Mass Effect Andromeda comes out in March!

The 900-page backstory to Neal Stephenson’s GURPS campaign? Naturally. Imagine you didn’t even get a bunch of people selected for mastery of their subject matter, but just whoever was willing to go. Then coop them up for years. They’ll be wearing eachother’s skin.

In the old Mass Effect games a journey between solar systems often involved a series of jumps to points in between. That was because of the network of Mass Effect relays. Now that there’s no relay network, why the hell are we hopscotching around the map still?

As you’ll recall, in ME 1-3, we were hopping around the galaxy, but we were also scooting around the clusters at a much more leisurely FTL speed. You’d hit the relay to the Artemis Tau cluster, and from there, you’d cruise around Athens, Knossos, Sparta, and Macedon under your own power.

In the Andromeda galaxy, all of the gameplay takes places in the improbably well-populated Helius cluster. There’s even a comment in the codex somewhere about how the Tempest’s drive is designed especially for fuel efficiency so we can do extended scooting (so we don’t have to stop at fuel depots any more often than we have to use the bathroom in the game).

I’m not sure that explains it. The way I understood it, and made sense of it, is that each mass effect relay was linked to a limited number of other relays. Those relays were placed around stars, and a number of those stars were conveniently parts of clusters of useful solar systems which you could reach by non-relay FTL technology from the system with the relay. The relay system made sense of not actually going directly from one system or cluster to another. The indirect routes taken now make no sense if there is no system of relays. You could make sense of it by saying that you need to cruise by systems to refuel or discharge your eezo core, but most of these systems unlike the ones with mass effect relays would not have established places to refuel and restock. That’s a good reason to make the ship more fuel efficient, but that does mean even less reason not to take as direct a path to your target as possible.

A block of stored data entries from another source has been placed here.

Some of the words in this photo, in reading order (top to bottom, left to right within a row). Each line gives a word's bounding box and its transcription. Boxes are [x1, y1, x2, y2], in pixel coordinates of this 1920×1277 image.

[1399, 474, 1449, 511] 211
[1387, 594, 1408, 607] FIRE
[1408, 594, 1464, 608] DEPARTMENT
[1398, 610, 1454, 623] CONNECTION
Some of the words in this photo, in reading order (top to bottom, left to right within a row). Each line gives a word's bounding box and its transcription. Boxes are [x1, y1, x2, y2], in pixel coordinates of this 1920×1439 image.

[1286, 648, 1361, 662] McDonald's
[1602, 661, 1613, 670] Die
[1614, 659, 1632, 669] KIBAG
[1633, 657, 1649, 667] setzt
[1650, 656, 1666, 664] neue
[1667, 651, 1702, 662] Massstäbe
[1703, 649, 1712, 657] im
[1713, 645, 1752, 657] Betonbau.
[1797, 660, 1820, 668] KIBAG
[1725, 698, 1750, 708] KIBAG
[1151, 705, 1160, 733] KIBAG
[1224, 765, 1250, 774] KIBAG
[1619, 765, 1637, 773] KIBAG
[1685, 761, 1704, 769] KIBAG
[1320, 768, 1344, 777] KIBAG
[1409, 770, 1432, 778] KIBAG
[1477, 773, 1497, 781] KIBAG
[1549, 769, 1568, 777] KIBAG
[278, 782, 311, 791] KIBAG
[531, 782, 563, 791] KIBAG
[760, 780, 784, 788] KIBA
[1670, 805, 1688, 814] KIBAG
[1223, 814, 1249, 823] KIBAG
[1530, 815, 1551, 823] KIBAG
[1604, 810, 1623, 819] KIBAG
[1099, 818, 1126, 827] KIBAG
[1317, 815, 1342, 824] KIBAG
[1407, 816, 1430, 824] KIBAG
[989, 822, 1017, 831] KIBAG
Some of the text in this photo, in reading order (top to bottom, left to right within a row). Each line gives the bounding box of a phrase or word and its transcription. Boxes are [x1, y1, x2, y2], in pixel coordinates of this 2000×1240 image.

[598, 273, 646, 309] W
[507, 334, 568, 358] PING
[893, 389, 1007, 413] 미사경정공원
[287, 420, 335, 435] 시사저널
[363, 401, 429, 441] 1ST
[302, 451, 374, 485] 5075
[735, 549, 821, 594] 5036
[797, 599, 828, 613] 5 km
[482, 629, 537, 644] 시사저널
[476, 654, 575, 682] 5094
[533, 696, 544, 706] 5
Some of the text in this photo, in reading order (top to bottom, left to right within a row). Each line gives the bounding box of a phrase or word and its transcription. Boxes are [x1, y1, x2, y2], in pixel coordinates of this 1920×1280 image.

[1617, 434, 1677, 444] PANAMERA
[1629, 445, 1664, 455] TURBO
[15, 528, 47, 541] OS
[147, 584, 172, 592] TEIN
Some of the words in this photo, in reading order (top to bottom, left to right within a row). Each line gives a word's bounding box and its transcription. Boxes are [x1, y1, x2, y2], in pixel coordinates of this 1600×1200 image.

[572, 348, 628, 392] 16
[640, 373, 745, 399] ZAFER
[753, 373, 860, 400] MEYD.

But, yeah, in the Milky Way you generally didn’t get more than four useful solar systems in a cluster. This one had seven according to magic Geth intergalactic NowCast technology. I haven’t finished, but it looks like that’s going to turn out to be the result of Remnant technology that The Scourge somehow interfered with.

Mind you, at some point I had a different idea of the timeline whereby the Remnant tech was installed sometime after the cluster was scanned from back in the Milky Way. Now I think it goes something like this:

-600 years - Andromeda is scanned from back in the Milky Way
-300 years - The Scourge occurs. The Kett invade sometime after that.
0 The Initiative shows up, The Scourge fucks shit up
0-1.166 - An insane amount of shit happens in about 400 days
1.166 The Hyperion shows up

Mind you, it’s not clear how much time we’re supposed to assume is passing during the game, but it’s arguably an insane amount of shit being done not just in a short time, but by mostly by the crew of one ship. But that’s kind of how video games work.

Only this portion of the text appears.